【LEETCODE】模拟面试-108-Convert Sorted Array to Binary Search Tree
图源:新生大学
题目:
https://leetcode.com/problems/convert-sorted-array-to-binary-search-tree/
Given an array where elements are sorted in ascending order, convert it to a height balanced BST.
分析:
Input: So we're given a sorted array in ascending order. **Output: ** To return the root of a Binary Search Tree.
The corner case is when the input array is null or empty, then we will return null.
To build a tree, we need to firstly find the root.
And since it's a BST, which means the difference between the height of left tree and right tree is no more than 1, the middle in the array will be taken as the root.
And the left part will construct the left tree, right part will be the right tree.

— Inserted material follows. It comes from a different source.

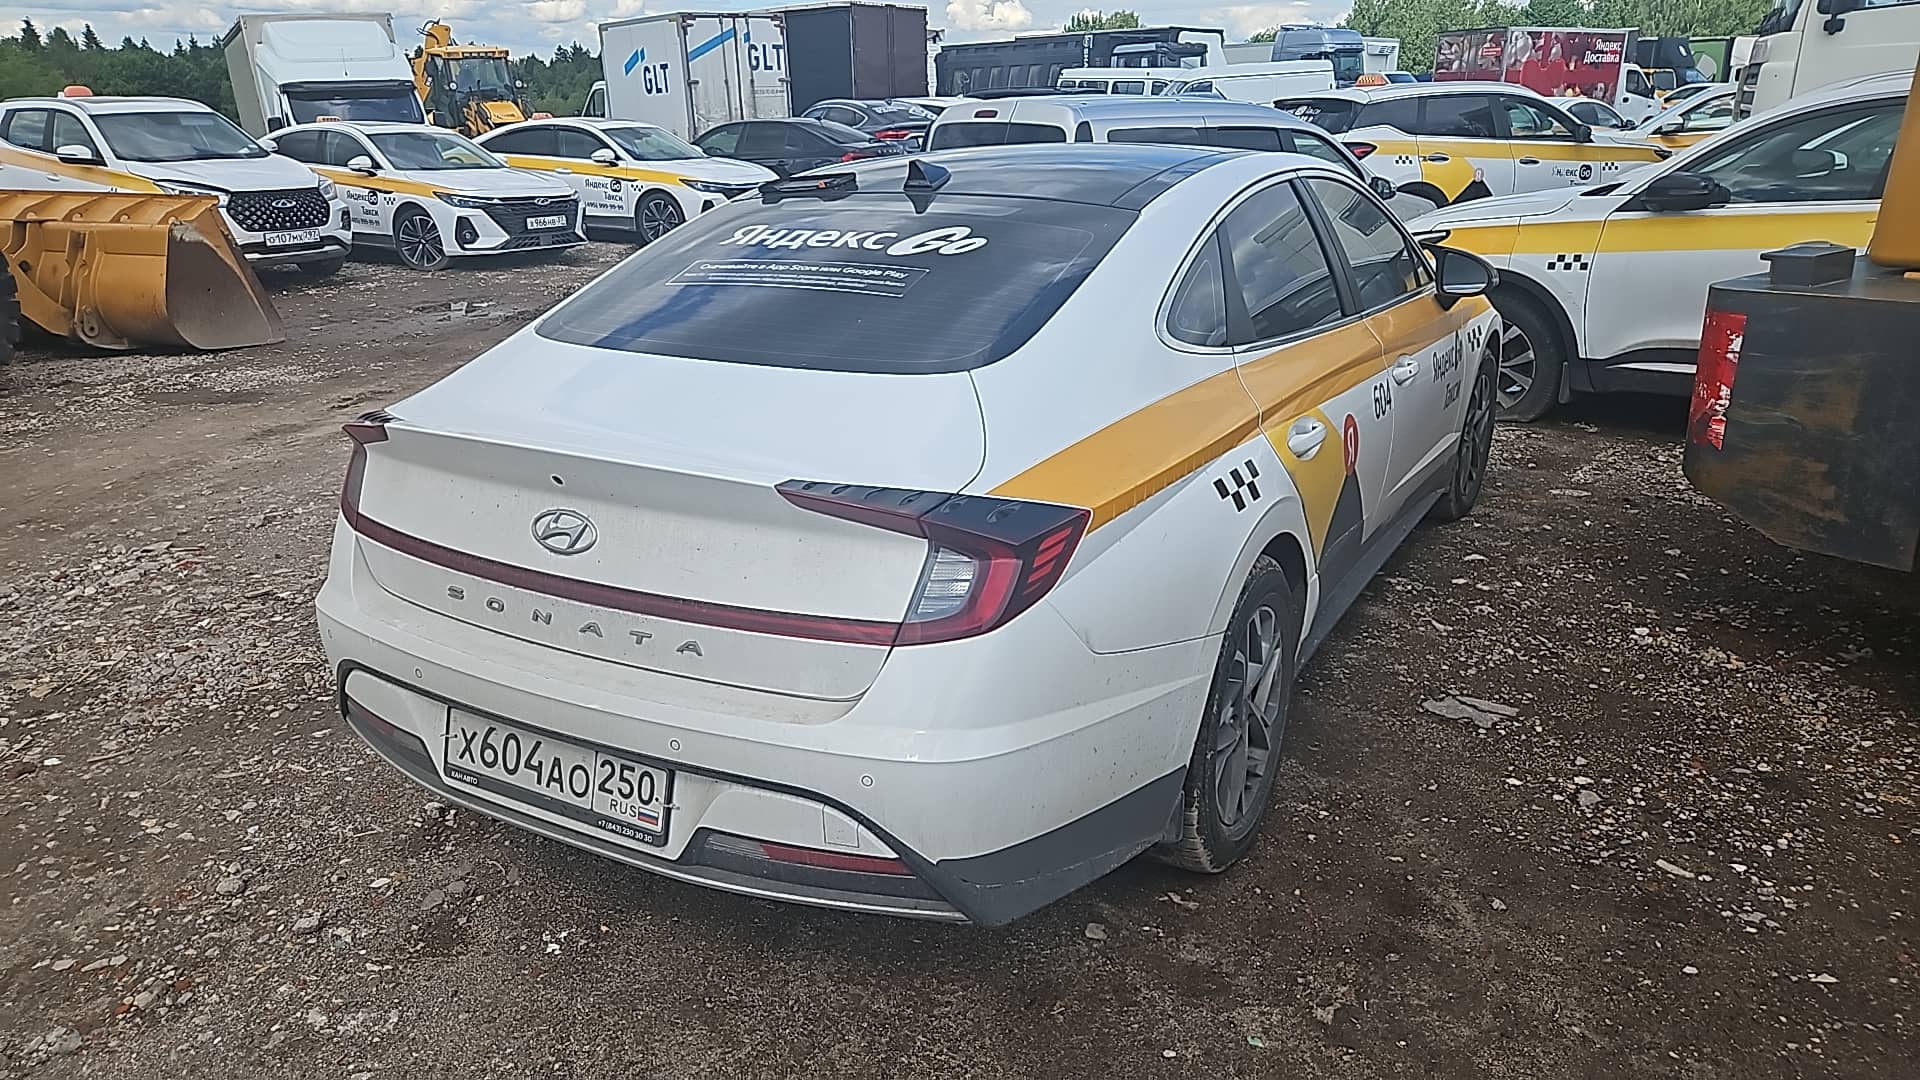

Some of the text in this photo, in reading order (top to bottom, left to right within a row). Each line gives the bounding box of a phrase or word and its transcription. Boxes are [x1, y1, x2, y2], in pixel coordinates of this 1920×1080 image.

Then we move to the next level, again, we'll first find the parent which will be the middle in the left part of array, and the right tree will be processed as well.
According to this procedure, it's obvious that we can use Recursion to deal with this problem.
At each level, we find the middle of current array period. For next level, we will pass current 'middle' as left boundary and right boundary to right tree or left tree, until we move to an interval where its 'start' index is larger then 'end' index.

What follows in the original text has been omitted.